Whoever leaked the Pentagon-State cables was no low-level signals intelligence officer feeling some pangs of guilt and disgust, as was apparently the case with the Iraq papers. I don't have detailed knowledge of Pentagon security procedures, only rudimentary knowledge of general security for online systems, but given the breadth and content of the material, it seems very unlikely this leak was conducted by a single low-ranking, low-cleared individual, and far less likely that it was conducted by multiple leakers acting in concert. Only a high-level administrator or bureaucrat with a lot of knowledge, free access, and time on their hands fits the profile of someone who could pull this off. The Pentagon Papers era is long gone, when one Daniel Ellsburg could simply take a microfiche copy of a classified report and drop it into the lap of The New York Times, or surely when any newspaper published such papers in full without heavy deliberation and editing. Point being, even back then very few people besides Ellsburg had a high enough security clearance to get those papers.

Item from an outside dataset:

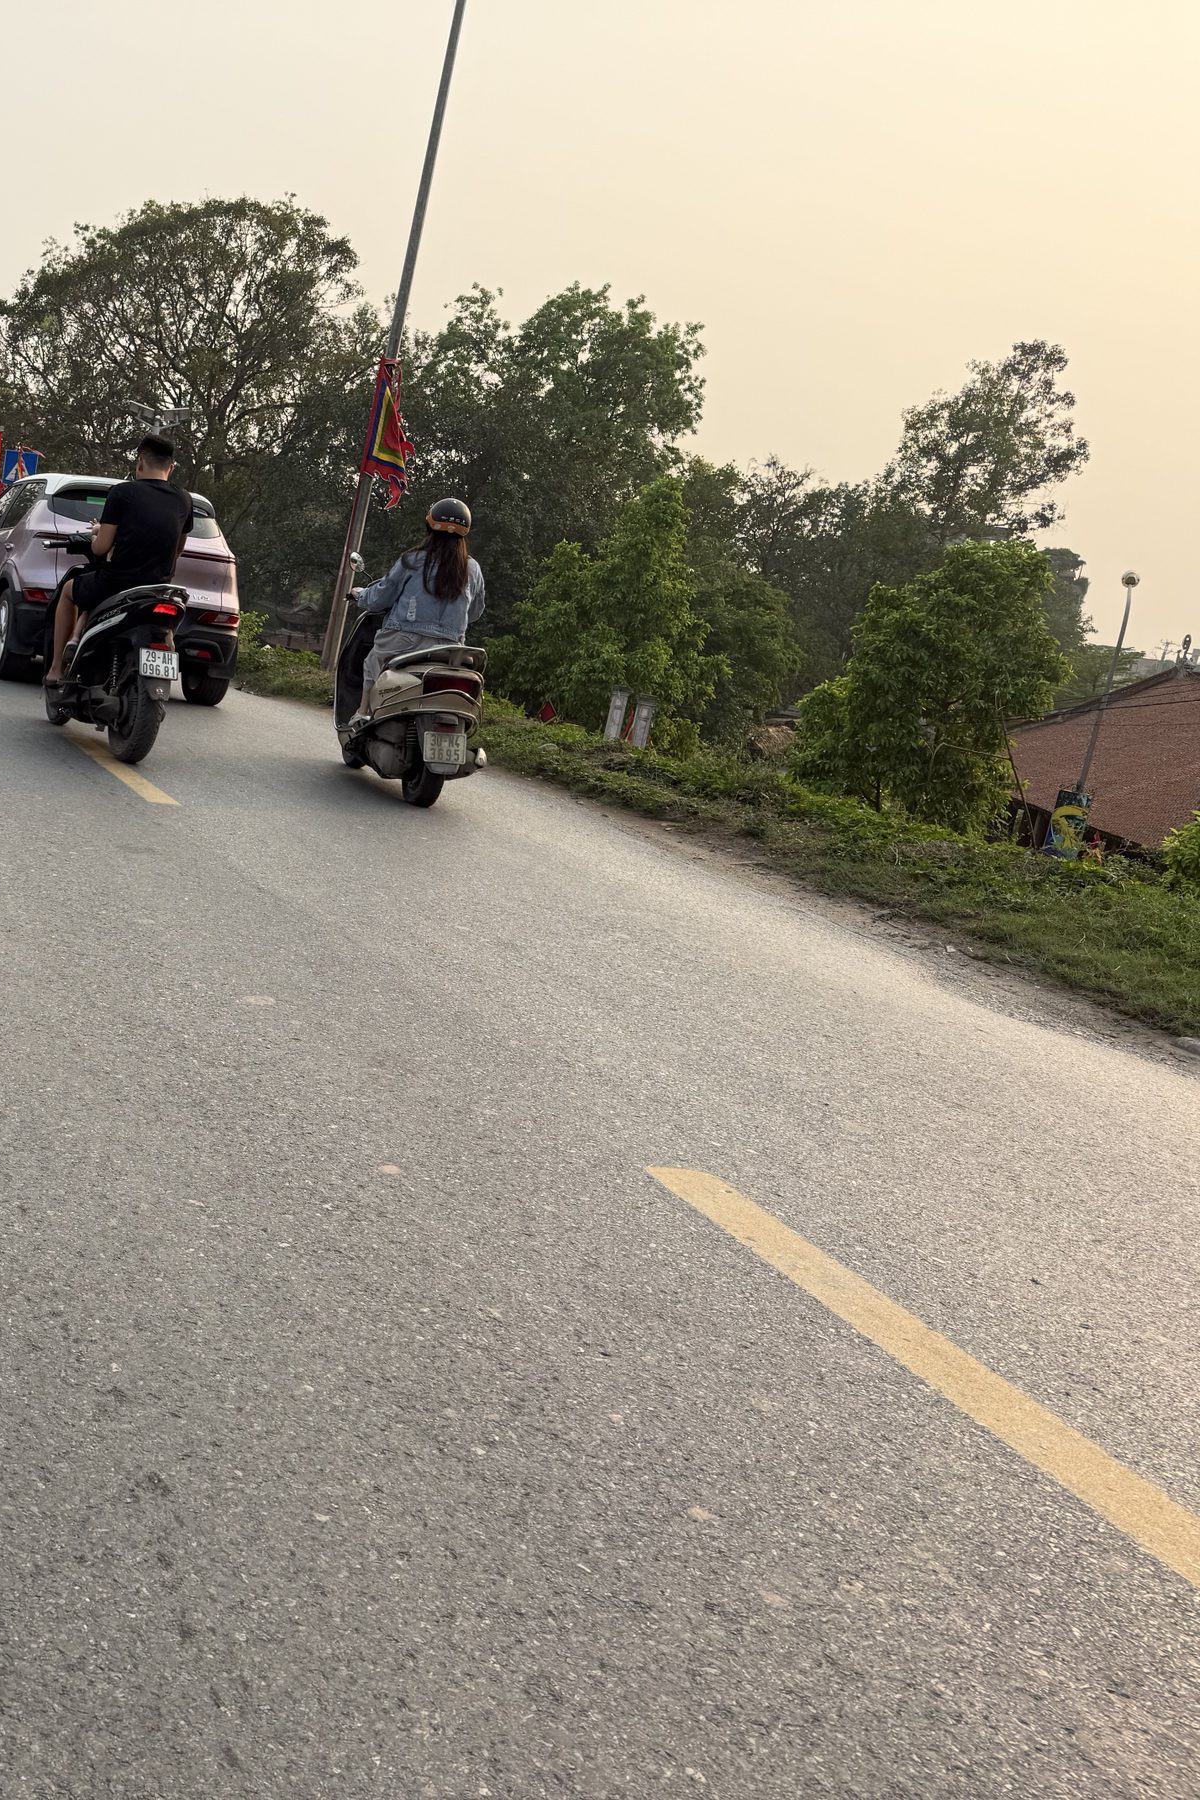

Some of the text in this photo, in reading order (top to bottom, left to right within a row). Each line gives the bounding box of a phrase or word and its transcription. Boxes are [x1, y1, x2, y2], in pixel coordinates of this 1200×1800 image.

[145, 651, 173, 665] 29-AH
[142, 663, 175, 678] 096.81
[430, 748, 460, 761] 3695

Yes, I'm making the dangerous assumption that the Pentagon and State Department have security procedures and follow them to some extent, but all that money they've gone through has probably been spent on something and paranoia has institutional tendencies. More importantly, any such person or group looking to leak would have to be really, really motivated. Like motivated enough to be executed for violating the State Secrets Act. Motivated enough to face the ongoing scrutiny of a withering internal investigation and polygraph tests. And this in order to merely provide proof of what we in The West already knew with excruciating, repetitive clarity, that many of our emissaries and generals are first-order twits? Sorry, something just isn't adding up for me yet.

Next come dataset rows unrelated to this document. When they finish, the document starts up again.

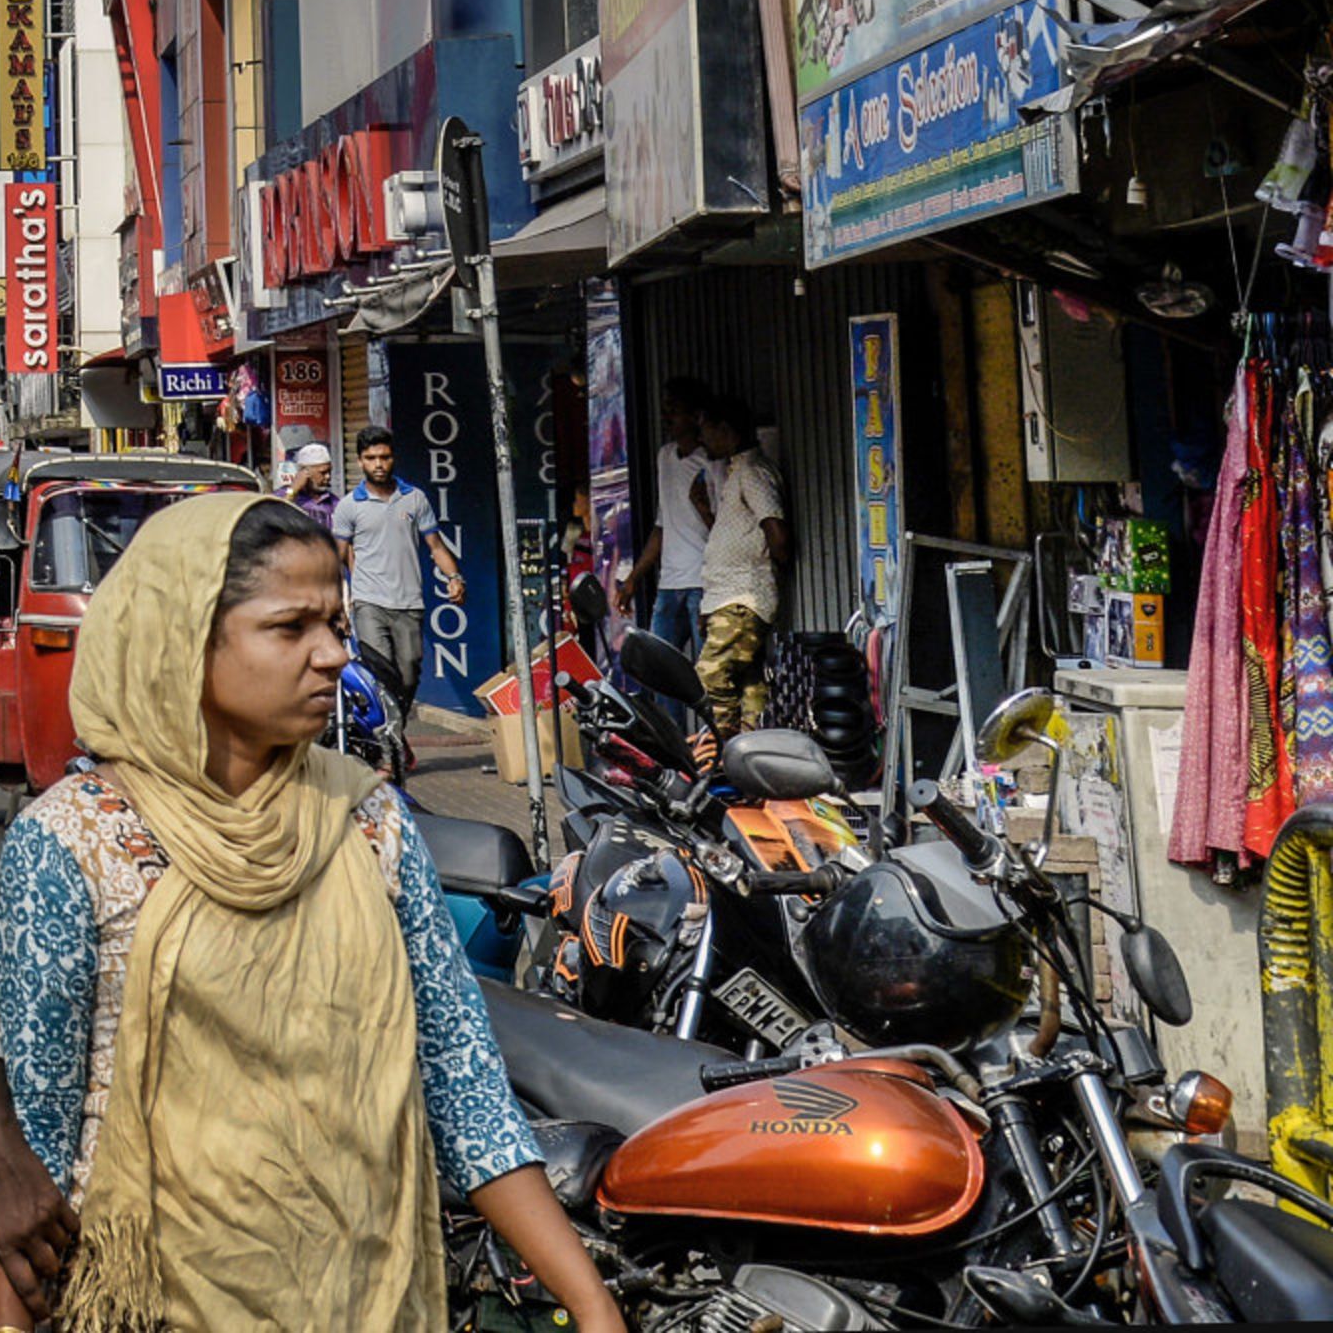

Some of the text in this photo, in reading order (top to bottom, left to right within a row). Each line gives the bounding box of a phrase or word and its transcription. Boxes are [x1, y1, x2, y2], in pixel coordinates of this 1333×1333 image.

[897, 42, 981, 154] Selection
[12, 188, 49, 369] saratha's
[282, 361, 322, 382] 186
[165, 373, 213, 392] Richi
[749, 1120, 854, 1136] HONDA

There's no doubt the US government is conducting a cyberwar against WikiLeaks, no matter how Man of La Mancha, hypocritical, and technically ignorant that may be. It's a predictable response that will rain repercussions like canned hams down on us all in terms of constrained liberties and commerce. But maybe this really wasn't a leak at all. It lacks the classic, targeted earmarks of a leak and looks more like a well-planned intelligence operation intended to embarrass the West. This looks like the famously dreaded Fuck You Flourish. Penetration could have been gained via patient internal sleeper personnel or a back door, possibly with the former activating the latter. It may have been nothing more than a neat crime of opportunity, but along with the polygraph tests, the Pentagon might want to carefully review its list of network vendors.
So much for Obama's harping on the Chinese about greater transparency. This is like being at a formal dinner in the South, listening to your hosts happily extol the benefits of racial equality after the Civil Rights Act and how thankful they are those bad old days are finally behind them. Then a group of young kids straight out of To Kill A Mockingbird run inside yelling that Tom Robinson just raped Mayella Ewell, the Klan is rounding up to lynch him, and your host grabs a long white robe out of a closet and bolts out of the the house. You can perceive a real democracy by how it welcomes the currency of clear information. This is not that.